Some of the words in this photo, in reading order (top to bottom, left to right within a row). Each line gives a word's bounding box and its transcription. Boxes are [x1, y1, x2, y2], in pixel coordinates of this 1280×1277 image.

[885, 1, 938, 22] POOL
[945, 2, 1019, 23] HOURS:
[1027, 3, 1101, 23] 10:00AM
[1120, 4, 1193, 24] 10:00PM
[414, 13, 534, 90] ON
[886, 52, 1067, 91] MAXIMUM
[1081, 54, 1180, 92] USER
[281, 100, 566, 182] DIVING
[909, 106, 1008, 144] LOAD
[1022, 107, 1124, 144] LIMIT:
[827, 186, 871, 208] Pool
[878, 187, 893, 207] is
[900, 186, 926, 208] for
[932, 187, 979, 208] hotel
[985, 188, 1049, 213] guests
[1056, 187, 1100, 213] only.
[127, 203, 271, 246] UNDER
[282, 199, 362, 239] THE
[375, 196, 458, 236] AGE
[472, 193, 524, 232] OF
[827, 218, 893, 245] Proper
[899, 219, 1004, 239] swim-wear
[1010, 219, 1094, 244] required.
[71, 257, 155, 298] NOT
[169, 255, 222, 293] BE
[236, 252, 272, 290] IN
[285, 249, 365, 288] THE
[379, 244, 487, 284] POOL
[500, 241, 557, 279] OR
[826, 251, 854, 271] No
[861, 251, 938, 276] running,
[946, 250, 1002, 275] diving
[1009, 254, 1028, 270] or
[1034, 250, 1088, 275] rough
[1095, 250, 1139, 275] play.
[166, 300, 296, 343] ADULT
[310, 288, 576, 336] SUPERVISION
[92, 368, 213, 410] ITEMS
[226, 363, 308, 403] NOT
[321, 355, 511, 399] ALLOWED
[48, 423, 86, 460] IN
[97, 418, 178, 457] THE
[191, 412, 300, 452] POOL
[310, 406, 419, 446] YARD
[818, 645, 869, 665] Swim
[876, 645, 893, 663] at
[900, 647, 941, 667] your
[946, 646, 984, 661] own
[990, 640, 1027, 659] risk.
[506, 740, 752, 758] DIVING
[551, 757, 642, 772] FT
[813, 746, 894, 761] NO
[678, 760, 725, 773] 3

------------------------------------------------

(Task item):
The material above should be retyped in full, exactly as given.

(Written reply):
Some of the words in this photo, in reading order (top to bottom, left to right within a row). Each line gives a word's bounding box and its transcription. Boxes are [x1, y1, x2, y2], in pixel coordinates of this 1280×1277 image.

[885, 1, 938, 22] POOL
[945, 2, 1019, 23] HOURS:
[1027, 3, 1101, 23] 10:00AM
[1120, 4, 1193, 24] 10:00PM
[414, 13, 534, 90] ON
[886, 52, 1067, 91] MAXIMUM
[1081, 54, 1180, 92] USER
[281, 100, 566, 182] DIVING
[909, 106, 1008, 144] LOAD
[1022, 107, 1124, 144] LIMIT:
[827, 186, 871, 208] Pool
[878, 187, 893, 207] is
[900, 186, 926, 208] for
[932, 187, 979, 208] hotel
[985, 188, 1049, 213] guests
[1056, 187, 1100, 213] only.
[127, 203, 271, 246] UNDER
[282, 199, 362, 239] THE
[375, 196, 458, 236] AGE
[472, 193, 524, 232] OF
[827, 218, 893, 245] Proper
[899, 219, 1004, 239] swim-wear
[1010, 219, 1094, 244] required.
[71, 257, 155, 298] NOT
[169, 255, 222, 293] BE
[236, 252, 272, 290] IN
[285, 249, 365, 288] THE
[379, 244, 487, 284] POOL
[500, 241, 557, 279] OR
[826, 251, 854, 271] No
[861, 251, 938, 276] running,
[946, 250, 1002, 275] diving
[1009, 254, 1028, 270] or
[1034, 250, 1088, 275] rough
[1095, 250, 1139, 275] play.
[166, 300, 296, 343] ADULT
[310, 288, 576, 336] SUPERVISION
[92, 368, 213, 410] ITEMS
[226, 363, 308, 403] NOT
[321, 355, 511, 399] ALLOWED
[48, 423, 86, 460] IN
[97, 418, 178, 457] THE
[191, 412, 300, 452] POOL
[310, 406, 419, 446] YARD
[818, 645, 869, 665] Swim
[876, 645, 893, 663] at
[900, 647, 941, 667] your
[946, 646, 984, 661] own
[990, 640, 1027, 659] risk.
[506, 740, 752, 758] DIVING
[551, 757, 642, 772] FT
[813, 746, 894, 761] NO
[678, 760, 725, 773] 3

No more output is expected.